[[ THE DATA open ]]

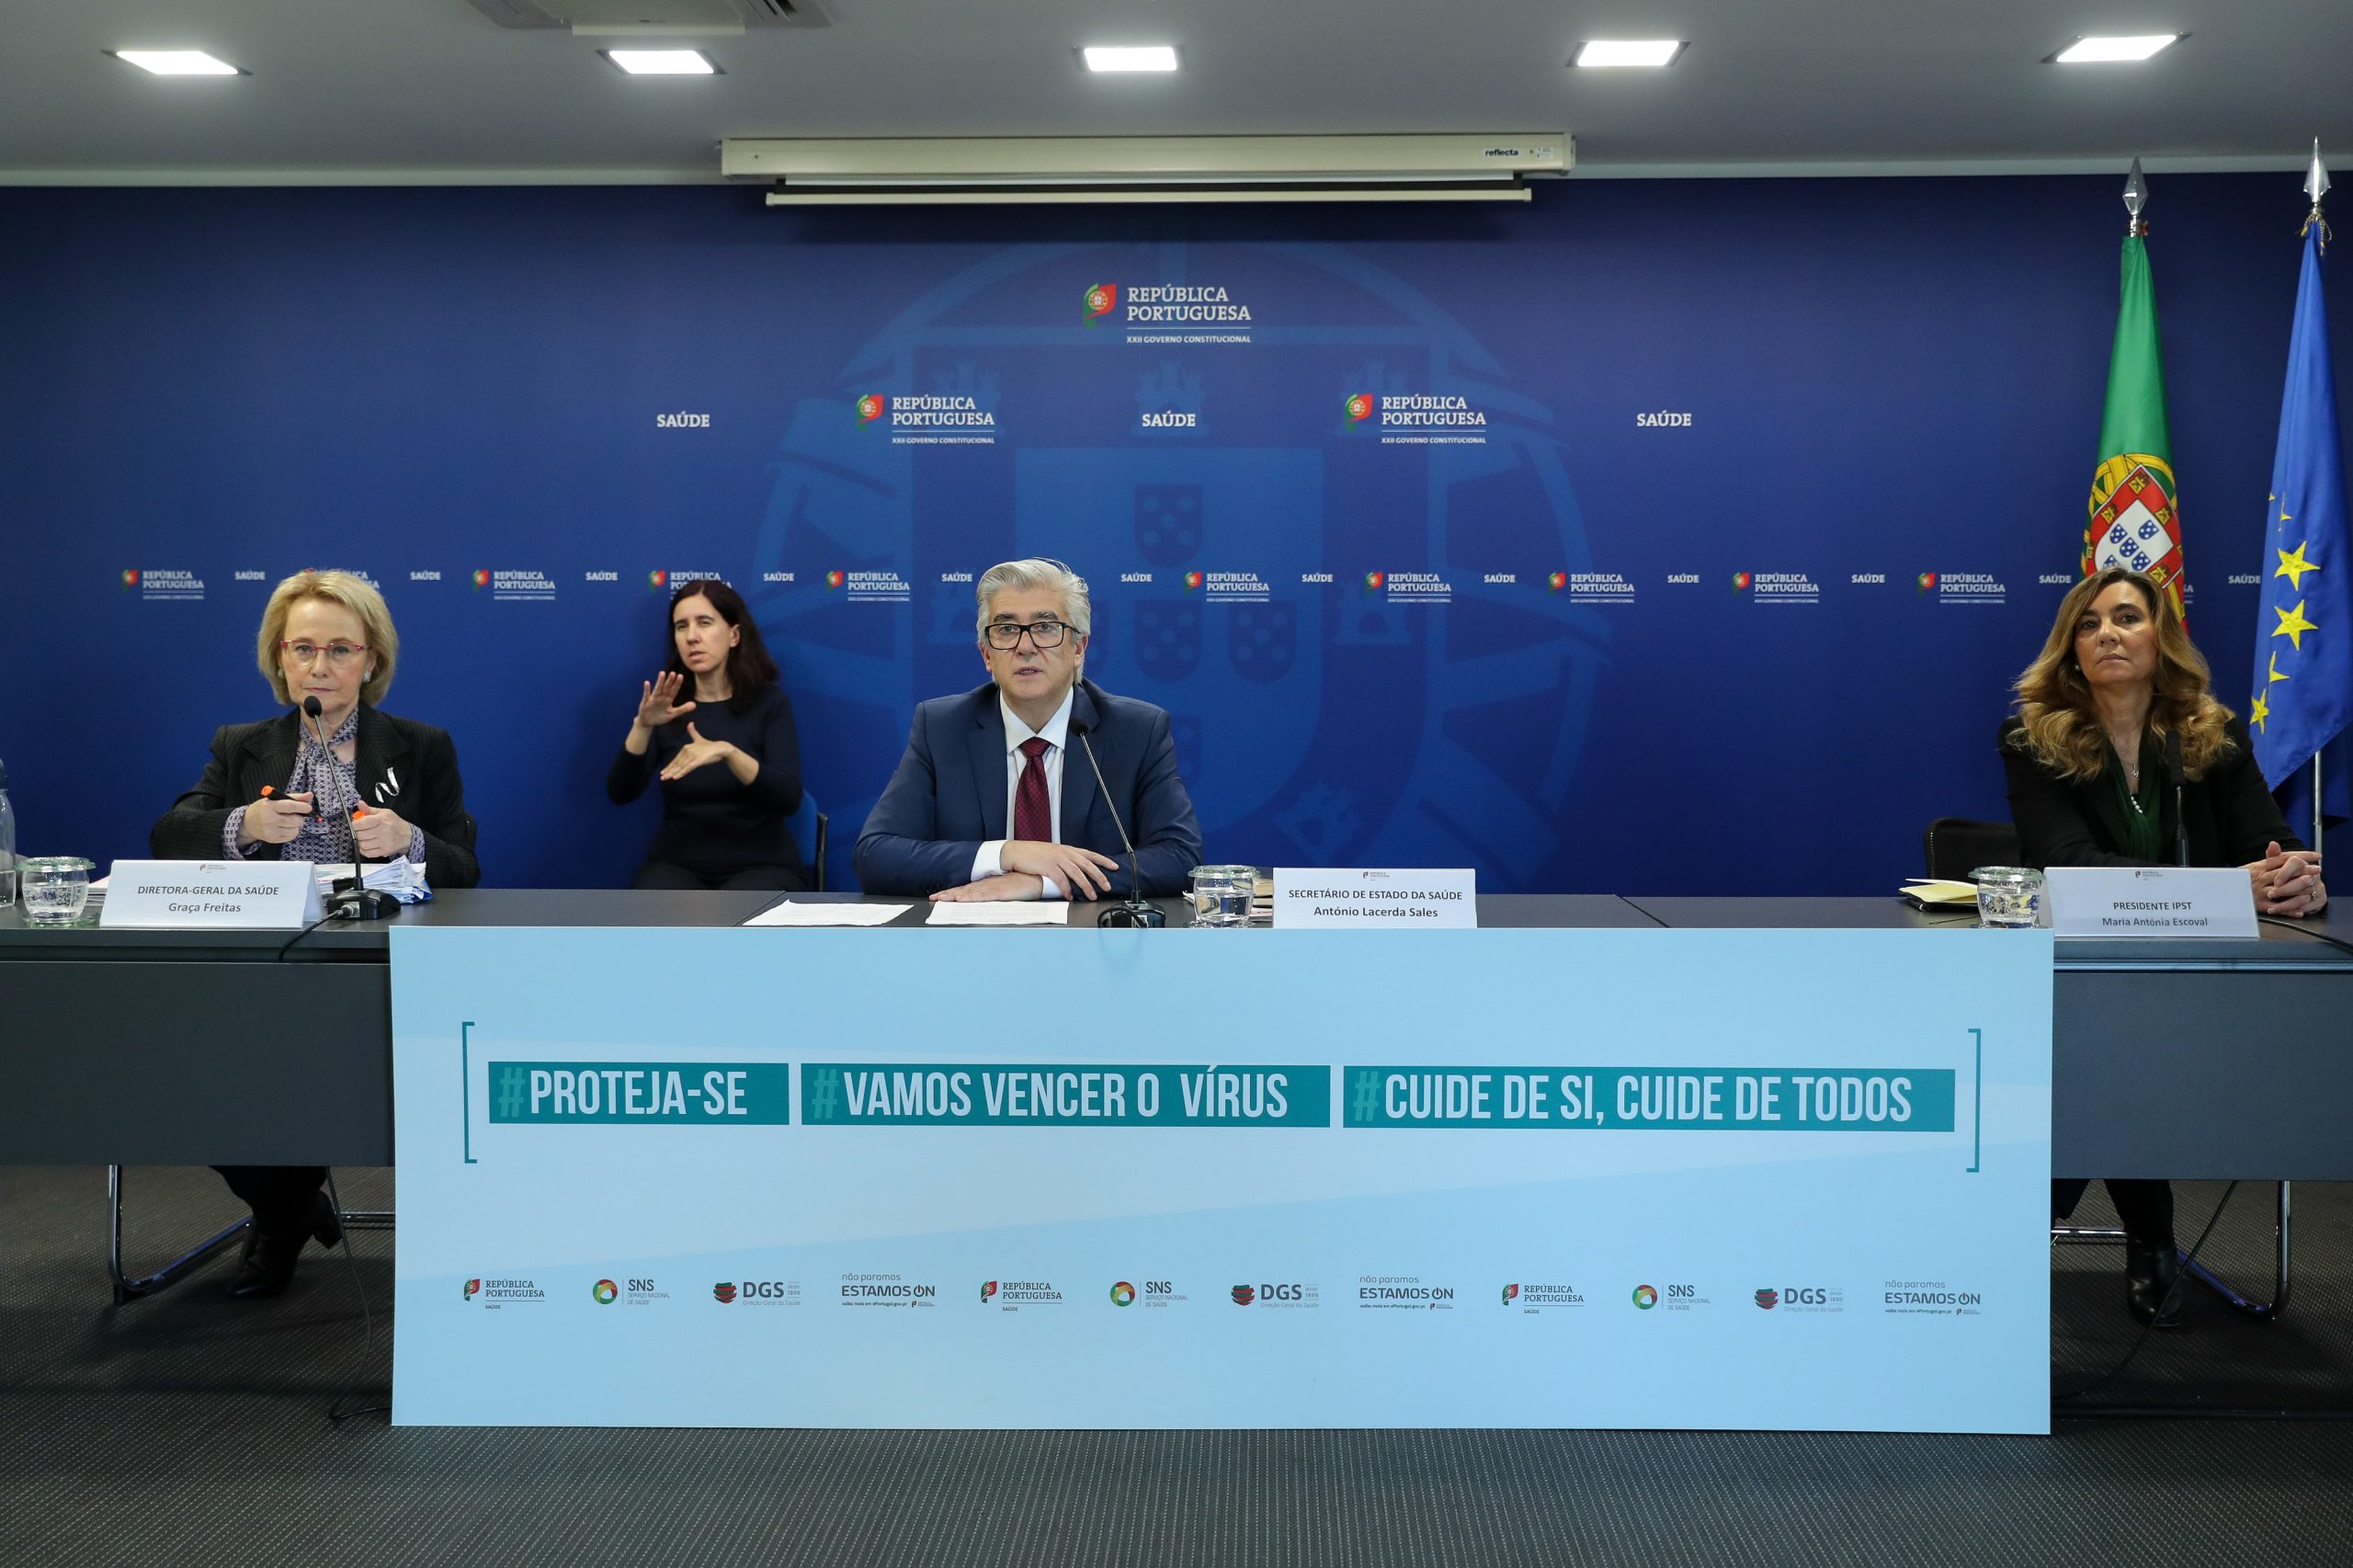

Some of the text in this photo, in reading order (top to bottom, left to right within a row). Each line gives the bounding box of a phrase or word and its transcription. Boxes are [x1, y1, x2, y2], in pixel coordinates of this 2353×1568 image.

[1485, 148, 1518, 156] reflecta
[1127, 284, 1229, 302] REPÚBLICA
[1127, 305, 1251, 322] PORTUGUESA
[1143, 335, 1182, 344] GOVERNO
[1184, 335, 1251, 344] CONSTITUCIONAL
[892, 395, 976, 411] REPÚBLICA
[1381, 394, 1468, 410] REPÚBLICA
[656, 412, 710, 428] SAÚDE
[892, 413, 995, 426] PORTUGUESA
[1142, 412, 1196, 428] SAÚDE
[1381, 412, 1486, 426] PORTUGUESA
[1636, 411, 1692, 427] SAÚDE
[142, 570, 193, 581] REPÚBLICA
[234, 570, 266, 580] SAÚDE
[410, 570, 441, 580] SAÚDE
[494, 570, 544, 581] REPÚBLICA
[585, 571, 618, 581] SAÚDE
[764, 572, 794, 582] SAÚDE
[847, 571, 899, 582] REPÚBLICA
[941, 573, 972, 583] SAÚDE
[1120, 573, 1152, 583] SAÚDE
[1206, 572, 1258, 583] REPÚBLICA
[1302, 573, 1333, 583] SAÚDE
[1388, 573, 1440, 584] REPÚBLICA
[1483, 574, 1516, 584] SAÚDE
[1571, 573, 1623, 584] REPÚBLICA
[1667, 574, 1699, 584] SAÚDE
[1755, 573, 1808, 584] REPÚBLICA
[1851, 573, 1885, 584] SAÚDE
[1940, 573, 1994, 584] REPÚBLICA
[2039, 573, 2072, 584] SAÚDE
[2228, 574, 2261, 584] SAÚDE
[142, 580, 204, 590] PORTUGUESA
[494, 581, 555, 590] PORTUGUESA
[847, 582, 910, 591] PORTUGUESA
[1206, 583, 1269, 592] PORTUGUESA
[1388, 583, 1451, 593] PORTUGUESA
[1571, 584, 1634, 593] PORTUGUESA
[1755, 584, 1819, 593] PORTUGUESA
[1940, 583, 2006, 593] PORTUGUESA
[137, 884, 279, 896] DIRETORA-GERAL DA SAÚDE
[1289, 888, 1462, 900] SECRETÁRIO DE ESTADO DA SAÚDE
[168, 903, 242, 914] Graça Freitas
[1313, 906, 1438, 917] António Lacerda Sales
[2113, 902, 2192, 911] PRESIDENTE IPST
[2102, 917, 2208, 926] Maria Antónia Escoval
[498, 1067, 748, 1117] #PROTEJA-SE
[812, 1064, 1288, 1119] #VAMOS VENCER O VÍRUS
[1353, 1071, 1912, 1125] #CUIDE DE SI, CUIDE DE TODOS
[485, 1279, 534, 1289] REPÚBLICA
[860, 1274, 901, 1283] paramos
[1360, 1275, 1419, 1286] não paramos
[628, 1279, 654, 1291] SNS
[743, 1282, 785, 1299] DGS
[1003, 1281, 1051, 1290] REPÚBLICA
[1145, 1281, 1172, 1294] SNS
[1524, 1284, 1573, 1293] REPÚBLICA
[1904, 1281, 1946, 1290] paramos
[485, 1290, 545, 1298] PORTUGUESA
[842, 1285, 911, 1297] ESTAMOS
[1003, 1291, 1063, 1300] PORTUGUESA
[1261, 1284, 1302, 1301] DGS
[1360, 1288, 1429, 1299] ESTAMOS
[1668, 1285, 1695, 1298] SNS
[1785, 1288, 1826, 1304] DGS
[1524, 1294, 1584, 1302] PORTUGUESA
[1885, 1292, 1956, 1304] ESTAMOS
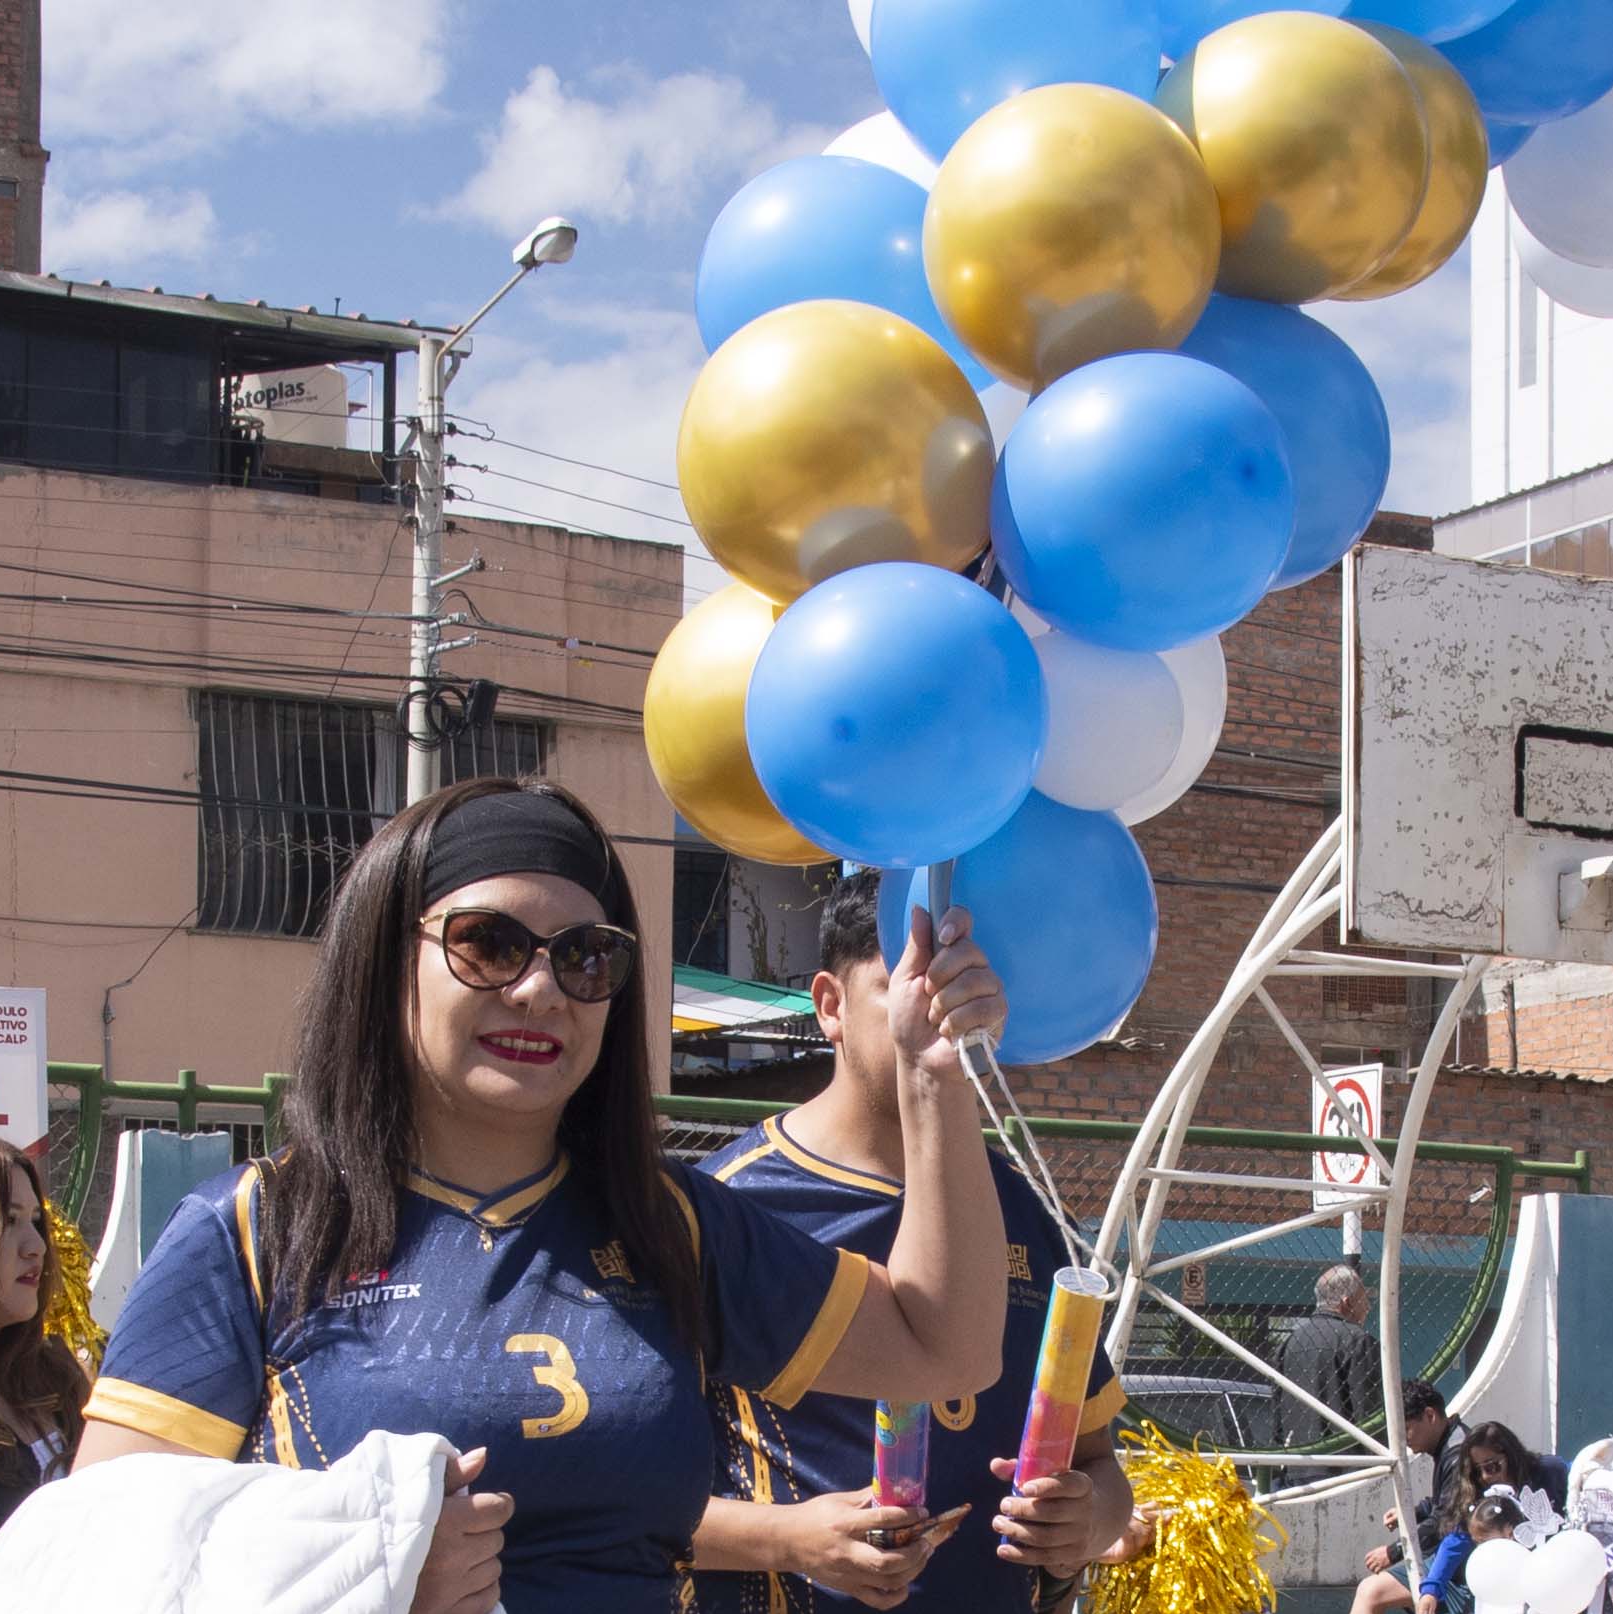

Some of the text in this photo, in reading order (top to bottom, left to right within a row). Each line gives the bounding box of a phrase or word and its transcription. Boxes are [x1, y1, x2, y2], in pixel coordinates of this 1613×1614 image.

[[ THE DATA closed ]]

EXERCISE: Write the entries out in full and exactly, omitting every picture.

ANSWER BOX:
Some of the text in this photo, in reading order (top to bottom, left to right within a row). Each line gives the bounding box of a phrase or word and its transcription. Boxes are [x1, y1, x2, y2], in pixel coordinates of this 2353×1568 image.

[1485, 148, 1518, 156] reflecta
[1127, 284, 1229, 302] REPÚBLICA
[1127, 305, 1251, 322] PORTUGUESA
[1143, 335, 1182, 344] GOVERNO
[1184, 335, 1251, 344] CONSTITUCIONAL
[892, 395, 976, 411] REPÚBLICA
[1381, 394, 1468, 410] REPÚBLICA
[656, 412, 710, 428] SAÚDE
[892, 413, 995, 426] PORTUGUESA
[1142, 412, 1196, 428] SAÚDE
[1381, 412, 1486, 426] PORTUGUESA
[1636, 411, 1692, 427] SAÚDE
[142, 570, 193, 581] REPÚBLICA
[234, 570, 266, 580] SAÚDE
[410, 570, 441, 580] SAÚDE
[494, 570, 544, 581] REPÚBLICA
[585, 571, 618, 581] SAÚDE
[764, 572, 794, 582] SAÚDE
[847, 571, 899, 582] REPÚBLICA
[941, 573, 972, 583] SAÚDE
[1120, 573, 1152, 583] SAÚDE
[1206, 572, 1258, 583] REPÚBLICA
[1302, 573, 1333, 583] SAÚDE
[1388, 573, 1440, 584] REPÚBLICA
[1483, 574, 1516, 584] SAÚDE
[1571, 573, 1623, 584] REPÚBLICA
[1667, 574, 1699, 584] SAÚDE
[1755, 573, 1808, 584] REPÚBLICA
[1851, 573, 1885, 584] SAÚDE
[1940, 573, 1994, 584] REPÚBLICA
[2039, 573, 2072, 584] SAÚDE
[2228, 574, 2261, 584] SAÚDE
[142, 580, 204, 590] PORTUGUESA
[494, 581, 555, 590] PORTUGUESA
[847, 582, 910, 591] PORTUGUESA
[1206, 583, 1269, 592] PORTUGUESA
[1388, 583, 1451, 593] PORTUGUESA
[1571, 584, 1634, 593] PORTUGUESA
[1755, 584, 1819, 593] PORTUGUESA
[1940, 583, 2006, 593] PORTUGUESA
[137, 884, 279, 896] DIRETORA-GERAL DA SAÚDE
[1289, 888, 1462, 900] SECRETÁRIO DE ESTADO DA SAÚDE
[168, 903, 242, 914] Graça Freitas
[1313, 906, 1438, 917] António Lacerda Sales
[2113, 902, 2192, 911] PRESIDENTE IPST
[2102, 917, 2208, 926] Maria Antónia Escoval
[498, 1067, 748, 1117] #PROTEJA-SE
[812, 1064, 1288, 1119] #VAMOS VENCER O VÍRUS
[1353, 1071, 1912, 1125] #CUIDE DE SI, CUIDE DE TODOS
[485, 1279, 534, 1289] REPÚBLICA
[860, 1274, 901, 1283] paramos
[1360, 1275, 1419, 1286] não paramos
[628, 1279, 654, 1291] SNS
[743, 1282, 785, 1299] DGS
[1003, 1281, 1051, 1290] REPÚBLICA
[1145, 1281, 1172, 1294] SNS
[1524, 1284, 1573, 1293] REPÚBLICA
[1904, 1281, 1946, 1290] paramos
[485, 1290, 545, 1298] PORTUGUESA
[842, 1285, 911, 1297] ESTAMOS
[1003, 1291, 1063, 1300] PORTUGUESA
[1261, 1284, 1302, 1301] DGS
[1360, 1288, 1429, 1299] ESTAMOS
[1668, 1285, 1695, 1298] SNS
[1785, 1288, 1826, 1304] DGS
[1524, 1294, 1584, 1302] PORTUGUESA
[1885, 1292, 1956, 1304] ESTAMOS

Some of the text in this photo, in reading order (top to bottom, left to right within a row). Each line gives the bounding box of a phrase or word and its transcription. Boxes are [x1, y1, x2, y2], in pixel coordinates of this 1613×1614 image.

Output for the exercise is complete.